Outline the paper
With the vast development in emerging technologies such as artificial intelligence, medical field advancements and IoT, more data has been available in the market. The latter led to embrace more data-driven decisions for drawing accurate conclusions in major industries. Hence, it is of great interest in a variety of real-world applications to recognize and isolate data that has abnormal or exceptional behaviour which often manifests interesting facts, such as in fraud discovery, image processing, signal analysis, network intrusion, measurement errors detection in data derived from sensors, and machine learning modelling, to name a few. This kind of data which appears to be inconsistent with the remainder of that set of Data is known as outlier. In this work, we propose a novel, yet effective learning algorithm for outlier detection in multivariate data where the number of attributes is greater than or equal 3.

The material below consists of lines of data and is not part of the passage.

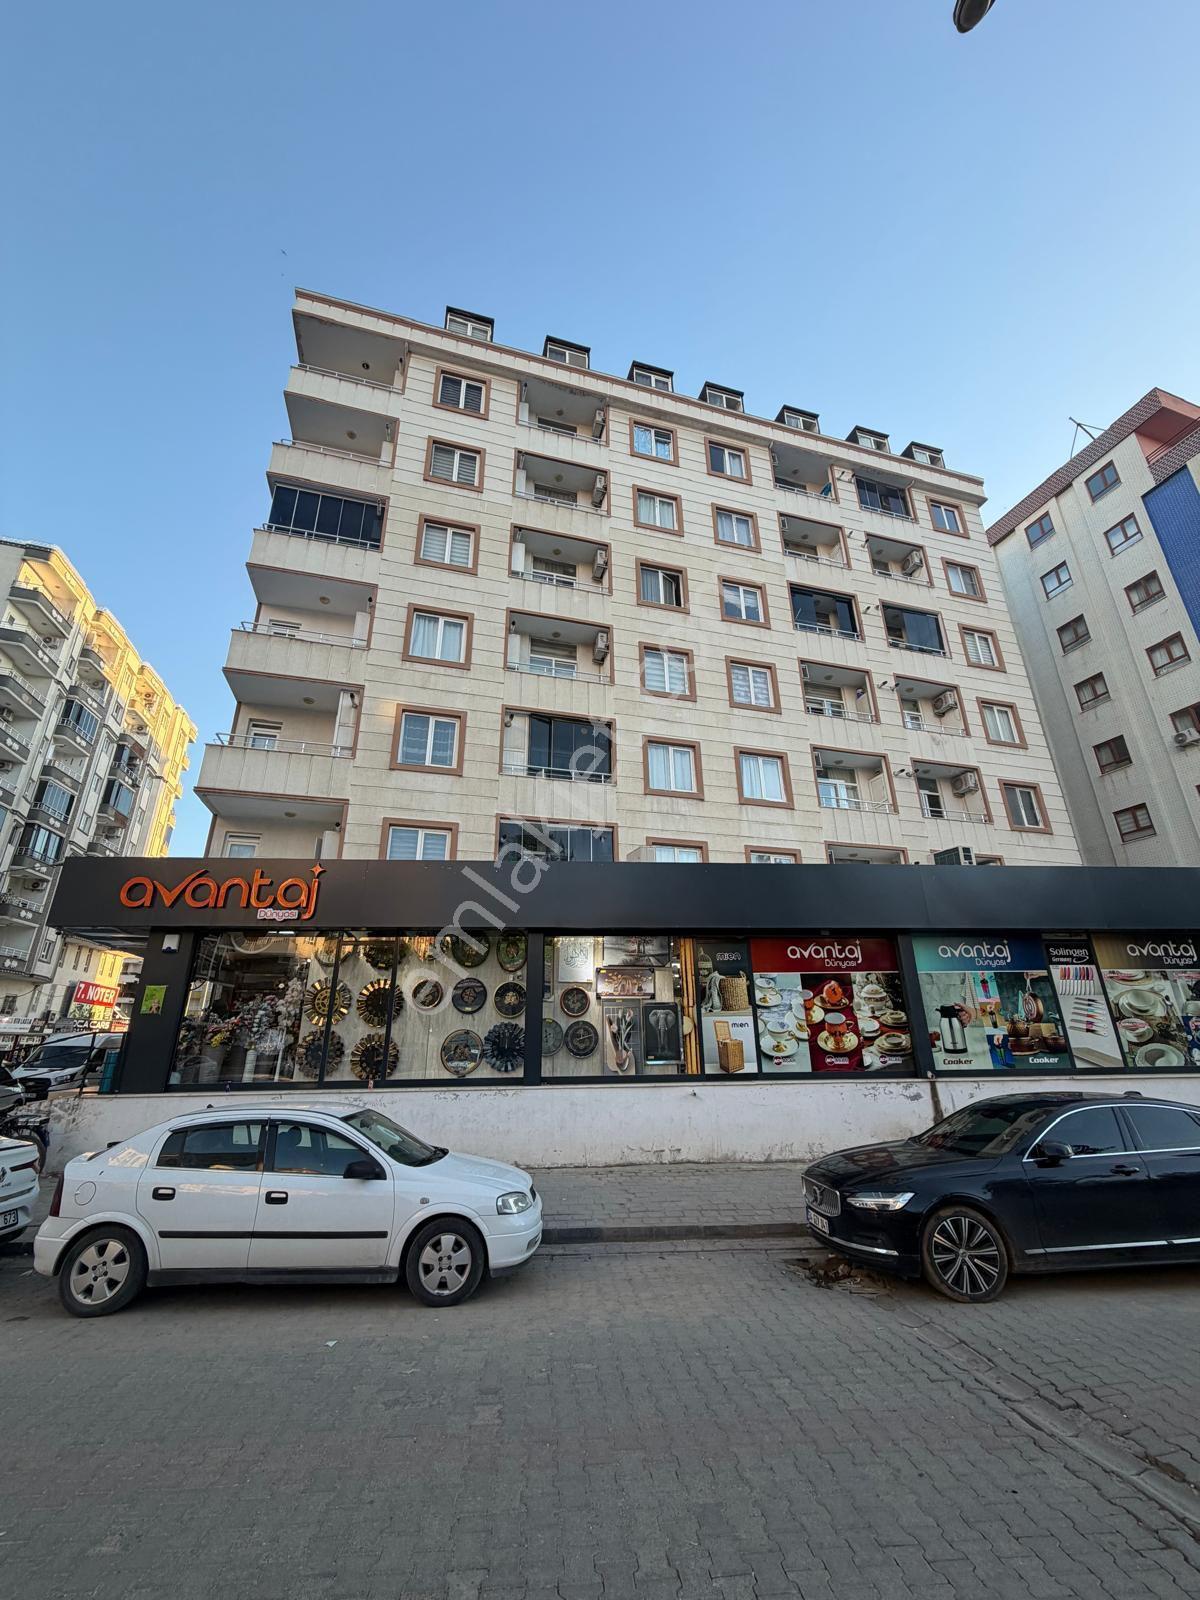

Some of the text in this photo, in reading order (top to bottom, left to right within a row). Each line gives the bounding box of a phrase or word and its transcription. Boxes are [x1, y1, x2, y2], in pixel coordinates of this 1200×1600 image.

[119, 863, 326, 920] avantaj
[786, 939, 862, 964] avantaj
[938, 939, 1011, 963] avantaj
[1049, 947, 1089, 959] Solingen
[1126, 939, 1197, 962] avantaj
[824, 958, 857, 969] Dünyası
[77, 983, 115, 1003] 7. NOTER
[1028, 1056, 1060, 1064] Cooker
[3, 1211, 16, 1224] 673
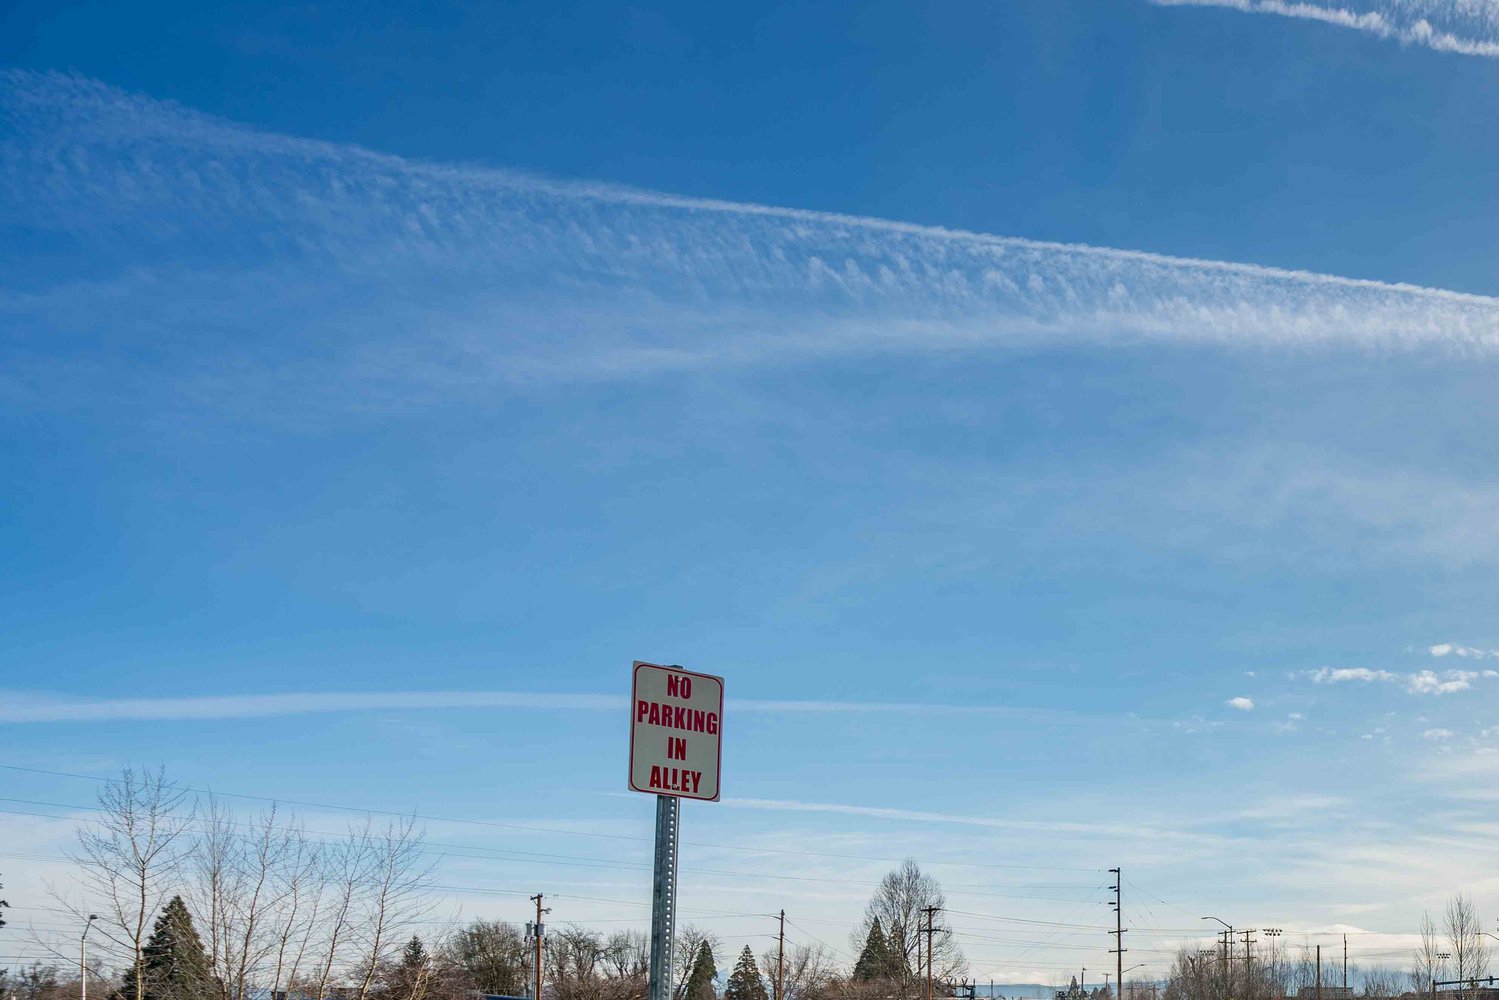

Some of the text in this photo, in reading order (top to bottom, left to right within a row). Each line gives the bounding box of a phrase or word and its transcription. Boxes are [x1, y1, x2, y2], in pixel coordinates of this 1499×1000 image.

[667, 674, 692, 699] NO
[637, 700, 718, 735] PARKING
[667, 736, 687, 761] IN
[649, 765, 702, 793] ALLEY

Figure 1 (a) Synthetic data 1. (b) Synthetic data 2. All outliers have been identified correctly (denoted by red triangles)
Who will it help?
The employment of machine learning has been revolutionary across all industries. Hence, there has been more demand on data analysis, data precreation and pre-processing techniques that concern all workers in those fields, specially the technological and medical ones. Over the years, many outlier detection methods have been introduced in different research communities, where each author claims their methods to be immaculate. Yet, most (if not all) of these methods have some drawbacks or flaws. This algorithm, however, is a totally new approach that is mathematically, experimentally, and data analytically proved to be very promising and competitive. This novel algorithm, Rotation-based Outlier Detection (ROD), is parameter free, requires no statistical distribution assumptions and is intuitive in three-dimensional space.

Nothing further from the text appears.